THE PROBLEM: Set the material down again exactly, line by line, skipping each picture.

*** Begin section ***

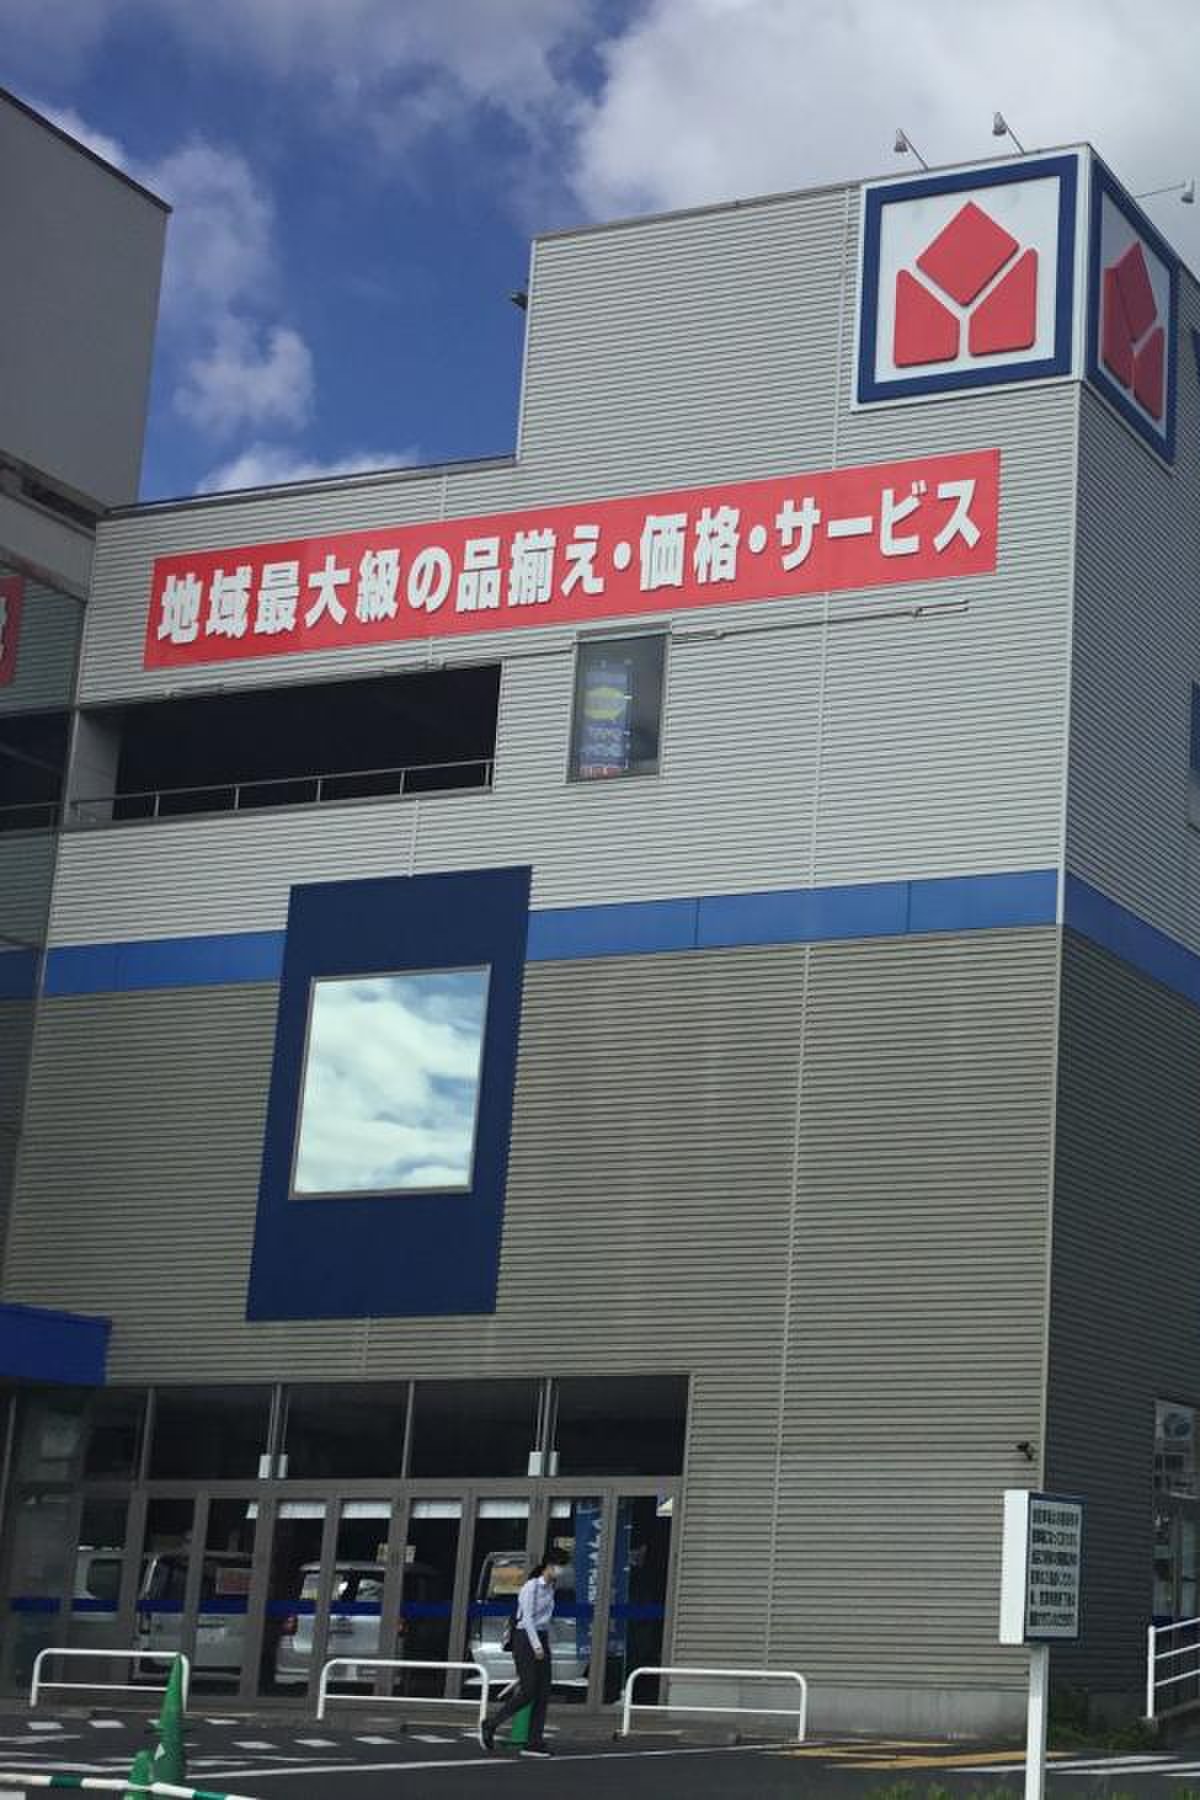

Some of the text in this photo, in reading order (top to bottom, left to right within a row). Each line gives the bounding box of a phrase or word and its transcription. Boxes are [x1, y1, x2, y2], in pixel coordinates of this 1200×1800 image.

[157, 478, 981, 645] 地域最大級の品揃え・価格・サービス
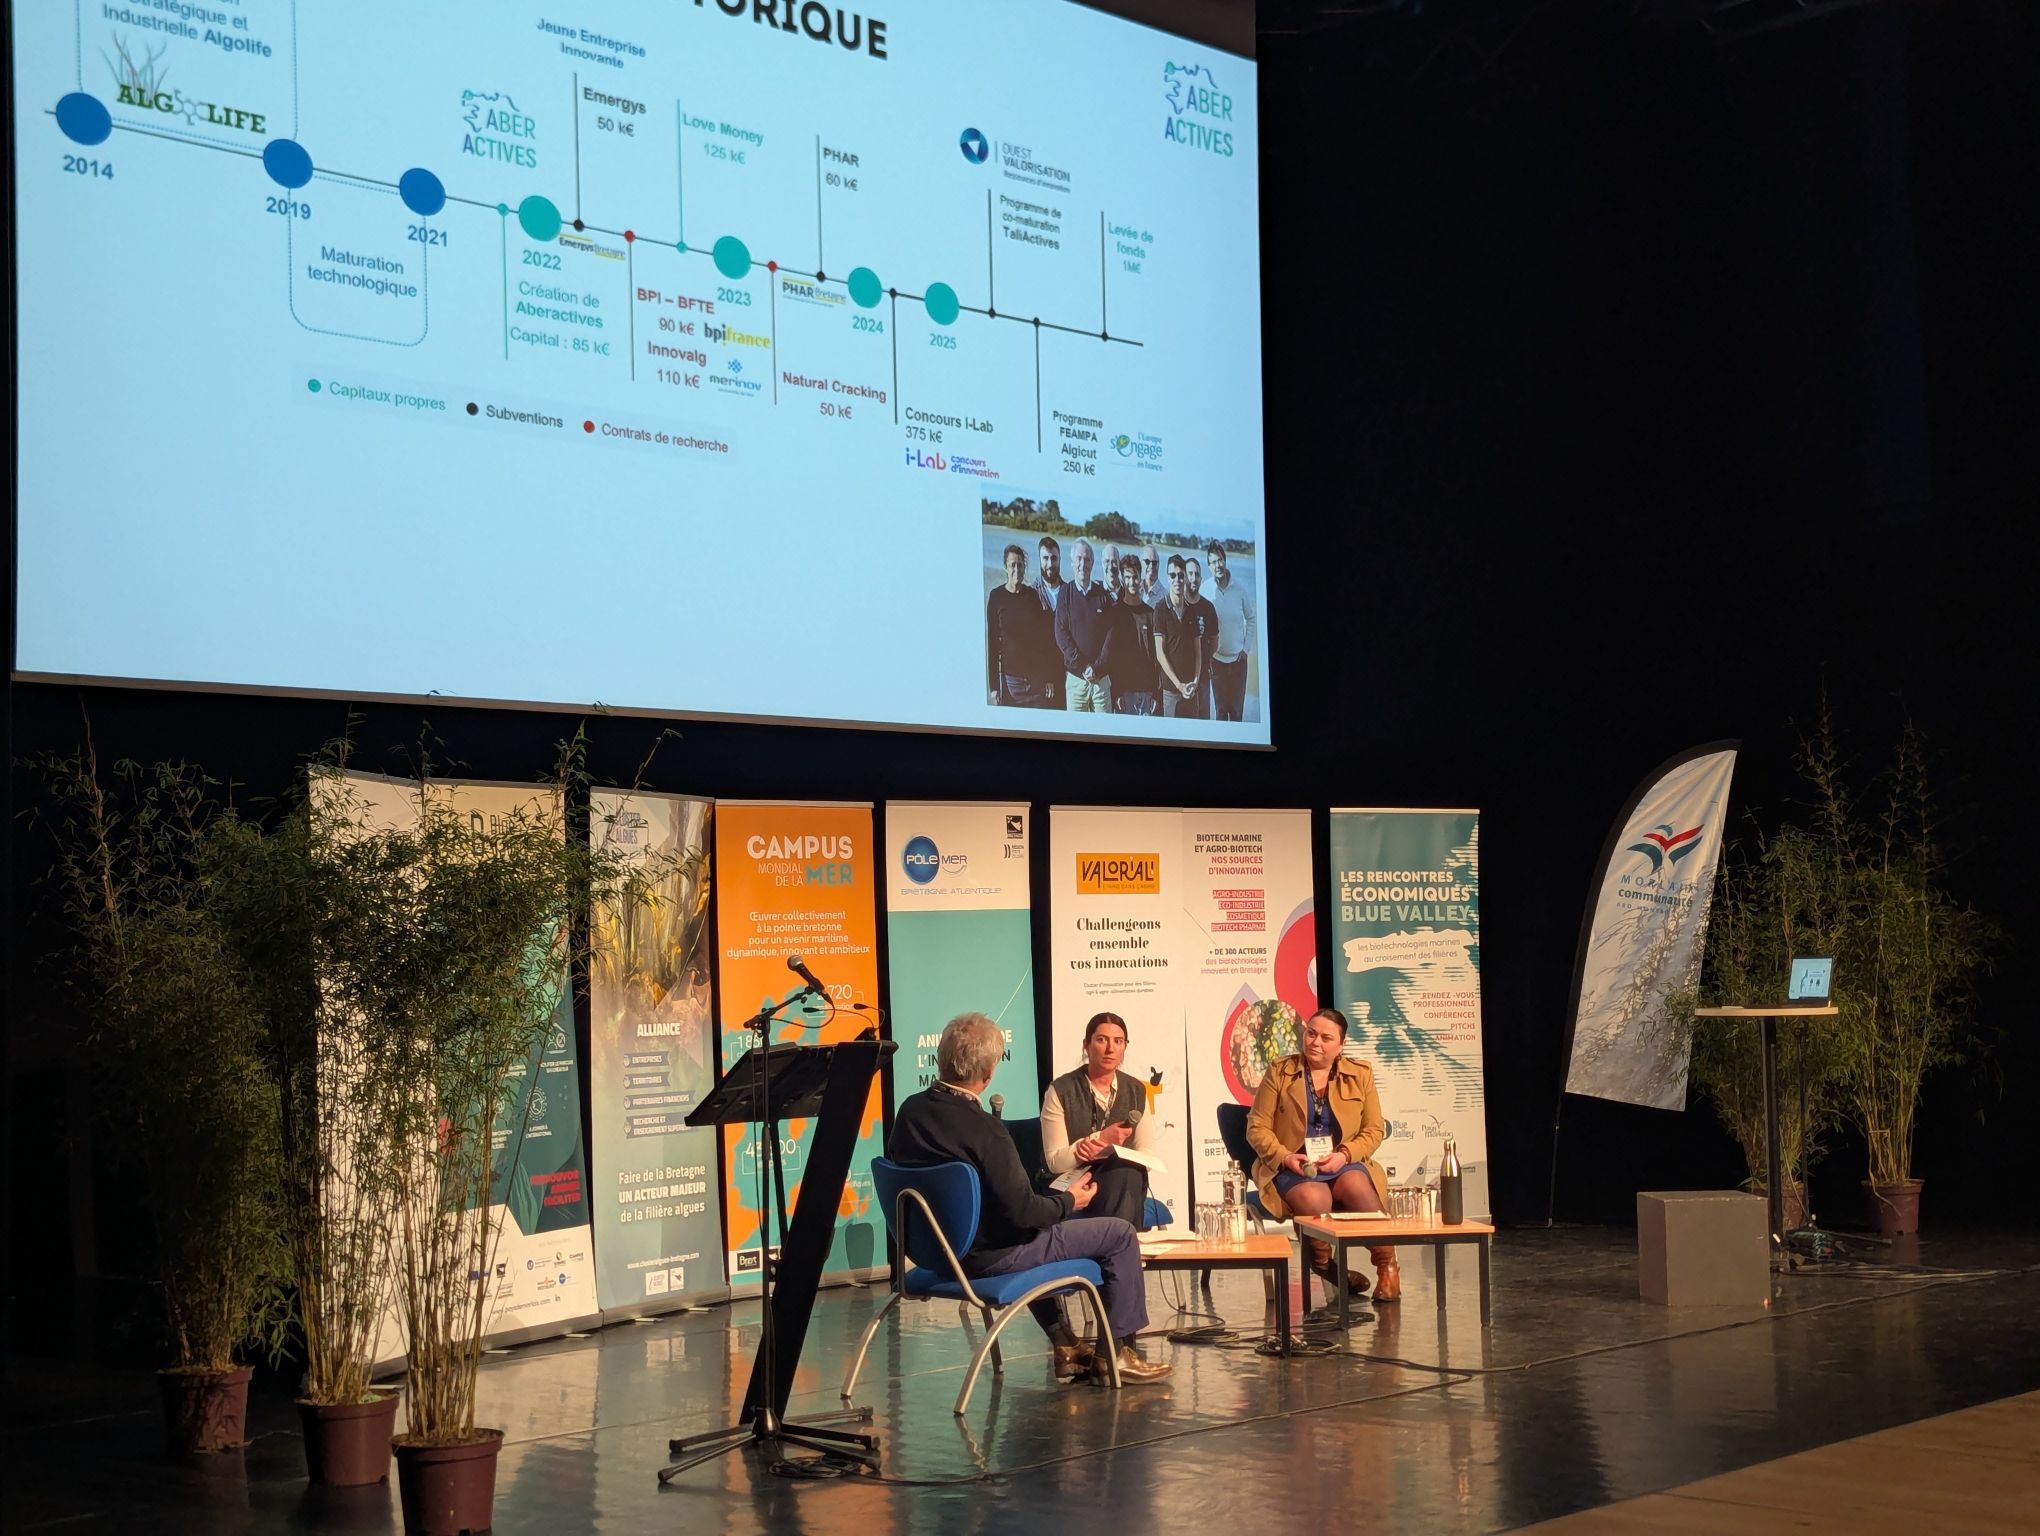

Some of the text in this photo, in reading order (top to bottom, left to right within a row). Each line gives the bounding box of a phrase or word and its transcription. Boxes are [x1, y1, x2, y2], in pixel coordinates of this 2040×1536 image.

[103, 3, 272, 58] Industrielle Algolife
[232, 16, 248, 31] et
[537, 18, 646, 59] Jeune Entreprise
[560, 42, 624, 69] Innovante
[583, 87, 647, 116] Emergys
[1186, 85, 1232, 122] ABER
[486, 109, 536, 140] ABER
[597, 116, 634, 138] 50 k€
[683, 112, 764, 148] Love Money
[1165, 116, 1233, 157] ACTIVES
[462, 134, 537, 169] ACTIVES
[704, 143, 746, 165] 125 k€
[823, 147, 860, 168] PHAR
[1002, 143, 1032, 160] OUEST
[63, 154, 114, 180] 2014
[1003, 156, 1070, 182] VALORISATION
[844, 176, 858, 192] k€
[266, 196, 311, 220] 2019
[1000, 195, 1062, 219] Programme de
[1002, 212, 1060, 234] co-maturation
[1108, 221, 1154, 244] Levée de
[408, 225, 448, 247] 2021
[1003, 226, 1060, 250] TaliActives
[321, 246, 404, 275] Maturation
[522, 249, 562, 271] 2022
[1116, 241, 1146, 260] fonds
[308, 265, 418, 298] technologique
[783, 281, 814, 299] PHAR
[519, 280, 600, 309] Création de
[637, 287, 715, 315] BPI BFTE
[717, 287, 752, 307] 2023
[516, 300, 604, 329] Aberactives
[659, 317, 695, 336] 90 k€
[704, 322, 770, 348] bpifrance
[852, 316, 884, 334] 2024
[510, 326, 611, 357] Capital 85 k€
[930, 333, 957, 350] 2025
[648, 341, 707, 367] Innovalg
[657, 369, 700, 389] 110 k€
[709, 375, 762, 391] merinov
[783, 371, 887, 404] Natural Cracking
[329, 382, 446, 412] Capitaux propres
[486, 404, 563, 428] Subventions
[820, 402, 853, 420] 50 k€
[905, 406, 961, 429] Concours
[1053, 410, 1103, 429] Programme
[602, 423, 729, 455] Contrats de recherche
[905, 425, 943, 445] 375 k€
[1059, 426, 1098, 443] FEAMPA
[905, 447, 947, 472] i-Lab
[1061, 442, 1097, 460] Algicut
[951, 455, 987, 469] concours
[1063, 460, 1096, 478] 250 k€
[747, 835, 853, 860] CAMPUS
[1197, 834, 1262, 842] BIOTECH MARINE
[1195, 845, 1263, 853] ET AGRO-BIOTECH
[758, 863, 804, 875] MONDIAL
[1211, 856, 1263, 864] NOS SOURCES
[775, 864, 853, 886] DE LA MER
[1208, 867, 1264, 875] D'INNOVATION
[1341, 871, 1454, 883] LES RENCONTRES
[1341, 883, 1471, 902] ÉCONOMIQUES
[1618, 889, 1693, 907] communauté
[749, 910, 846, 921] Œuvrer collectivement
[1341, 905, 1471, 922] BLUE VALLEY
[757, 921, 842, 934] à la pointe bretonne
[1076, 918, 1161, 932] Challengeons
[749, 933, 849, 947] pour un avenir maritime
[1089, 936, 1149, 950] ensemble
[1358, 938, 1461, 951] les biotechnologies marines
[727, 944, 870, 960] dynamique, innovant et ambitieux
[1219, 957, 1267, 966] biotechnologies
[1364, 950, 1458, 964] au croisement des filières
[1070, 955, 1168, 970] vos innovations
[1240, 967, 1267, 976] Bretagne
[1413, 1000, 1475, 1008] PROFESSIONNELS
[637, 1022, 681, 1037] ALLIANCE
[1435, 1033, 1476, 1041] ANIMATION
[1393, 1120, 1408, 1129] Blue
[1393, 1128, 1415, 1139] Valley
[619, 1165, 706, 1184] Faire de la Bretagne
[619, 1182, 706, 1203] UN ACTEUR MAJEUR
[620, 1202, 705, 1223] de la filière algues
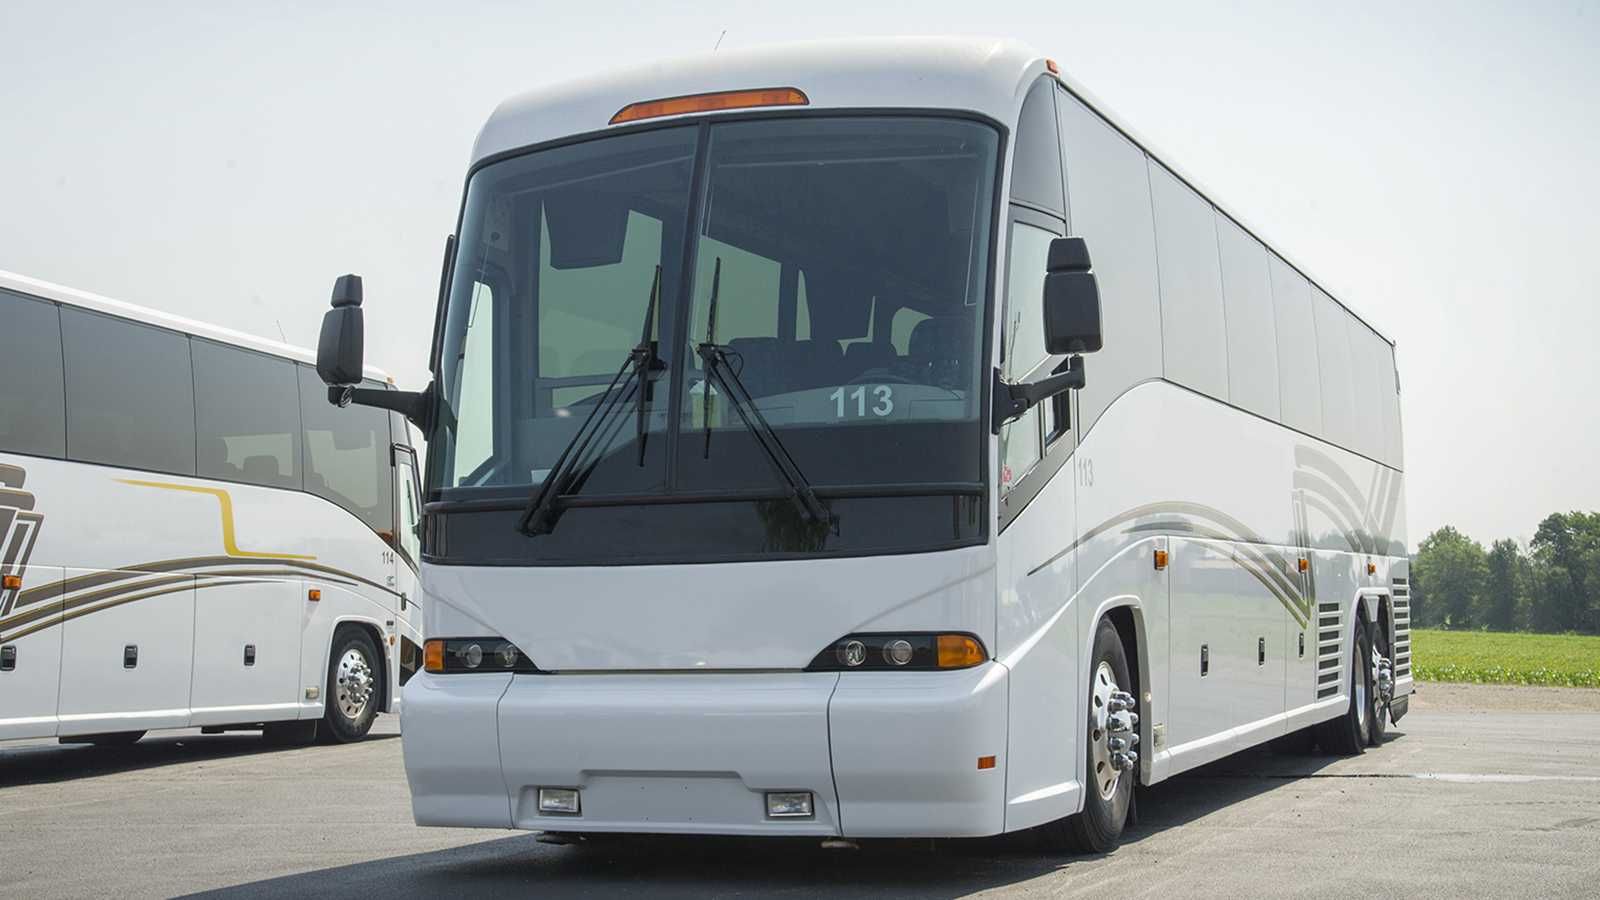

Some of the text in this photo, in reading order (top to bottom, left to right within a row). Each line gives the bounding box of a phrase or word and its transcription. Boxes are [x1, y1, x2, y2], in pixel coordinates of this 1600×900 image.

*** End section ***

EXERCISE SOLUTION:
Some of the text in this photo, in reading order (top to bottom, left to right within a row). Each line gives the bounding box of a phrase or word and its transcription. Boxes are [x1, y1, x2, y2], in pixel coordinates of this 1200×1800 image.

[157, 478, 981, 645] 地域最大級の品揃え・価格・サービス

Some of the text in this photo, in reading order (top to bottom, left to right within a row). Each line gives the bounding box of a phrase or word and its transcription. Boxes are [x1, y1, x2, y2], in pixel coordinates of this 2040×1536 image.

[103, 3, 272, 58] Industrielle Algolife
[232, 16, 248, 31] et
[537, 18, 646, 59] Jeune Entreprise
[560, 42, 624, 69] Innovante
[583, 87, 647, 116] Emergys
[1186, 85, 1232, 122] ABER
[486, 109, 536, 140] ABER
[597, 116, 634, 138] 50 k€
[683, 112, 764, 148] Love Money
[1165, 116, 1233, 157] ACTIVES
[462, 134, 537, 169] ACTIVES
[704, 143, 746, 165] 125 k€
[823, 147, 860, 168] PHAR
[1002, 143, 1032, 160] OUEST
[63, 154, 114, 180] 2014
[1003, 156, 1070, 182] VALORISATION
[844, 176, 858, 192] k€
[266, 196, 311, 220] 2019
[1000, 195, 1062, 219] Programme de
[1002, 212, 1060, 234] co-maturation
[1108, 221, 1154, 244] Levée de
[408, 225, 448, 247] 2021
[1003, 226, 1060, 250] TaliActives
[321, 246, 404, 275] Maturation
[522, 249, 562, 271] 2022
[1116, 241, 1146, 260] fonds
[308, 265, 418, 298] technologique
[783, 281, 814, 299] PHAR
[519, 280, 600, 309] Création de
[637, 287, 715, 315] BPI BFTE
[717, 287, 752, 307] 2023
[516, 300, 604, 329] Aberactives
[659, 317, 695, 336] 90 k€
[704, 322, 770, 348] bpifrance
[852, 316, 884, 334] 2024
[510, 326, 611, 357] Capital 85 k€
[930, 333, 957, 350] 2025
[648, 341, 707, 367] Innovalg
[657, 369, 700, 389] 110 k€
[709, 375, 762, 391] merinov
[783, 371, 887, 404] Natural Cracking
[329, 382, 446, 412] Capitaux propres
[486, 404, 563, 428] Subventions
[820, 402, 853, 420] 50 k€
[905, 406, 961, 429] Concours
[1053, 410, 1103, 429] Programme
[602, 423, 729, 455] Contrats de recherche
[905, 425, 943, 445] 375 k€
[1059, 426, 1098, 443] FEAMPA
[905, 447, 947, 472] i-Lab
[1061, 442, 1097, 460] Algicut
[951, 455, 987, 469] concours
[1063, 460, 1096, 478] 250 k€
[747, 835, 853, 860] CAMPUS
[1197, 834, 1262, 842] BIOTECH MARINE
[1195, 845, 1263, 853] ET AGRO-BIOTECH
[758, 863, 804, 875] MONDIAL
[1211, 856, 1263, 864] NOS SOURCES
[775, 864, 853, 886] DE LA MER
[1208, 867, 1264, 875] D'INNOVATION
[1341, 871, 1454, 883] LES RENCONTRES
[1341, 883, 1471, 902] ÉCONOMIQUES
[1618, 889, 1693, 907] communauté
[749, 910, 846, 921] Œuvrer collectivement
[1341, 905, 1471, 922] BLUE VALLEY
[757, 921, 842, 934] à la pointe bretonne
[1076, 918, 1161, 932] Challengeons
[749, 933, 849, 947] pour un avenir maritime
[1089, 936, 1149, 950] ensemble
[1358, 938, 1461, 951] les biotechnologies marines
[727, 944, 870, 960] dynamique, innovant et ambitieux
[1219, 957, 1267, 966] biotechnologies
[1364, 950, 1458, 964] au croisement des filières
[1070, 955, 1168, 970] vos innovations
[1240, 967, 1267, 976] Bretagne
[1413, 1000, 1475, 1008] PROFESSIONNELS
[637, 1022, 681, 1037] ALLIANCE
[1435, 1033, 1476, 1041] ANIMATION
[1393, 1120, 1408, 1129] Blue
[1393, 1128, 1415, 1139] Valley
[619, 1165, 706, 1184] Faire de la Bretagne
[619, 1182, 706, 1203] UN ACTEUR MAJEUR
[620, 1202, 705, 1223] de la filière algues

Some of the text in this photo, in reading order (top to bottom, left to right within a row). Each line gives the bounding box of a phrase or word and its transcription. Boxes are [x1, y1, x2, y2], in pixel coordinates of this 1600×900 image.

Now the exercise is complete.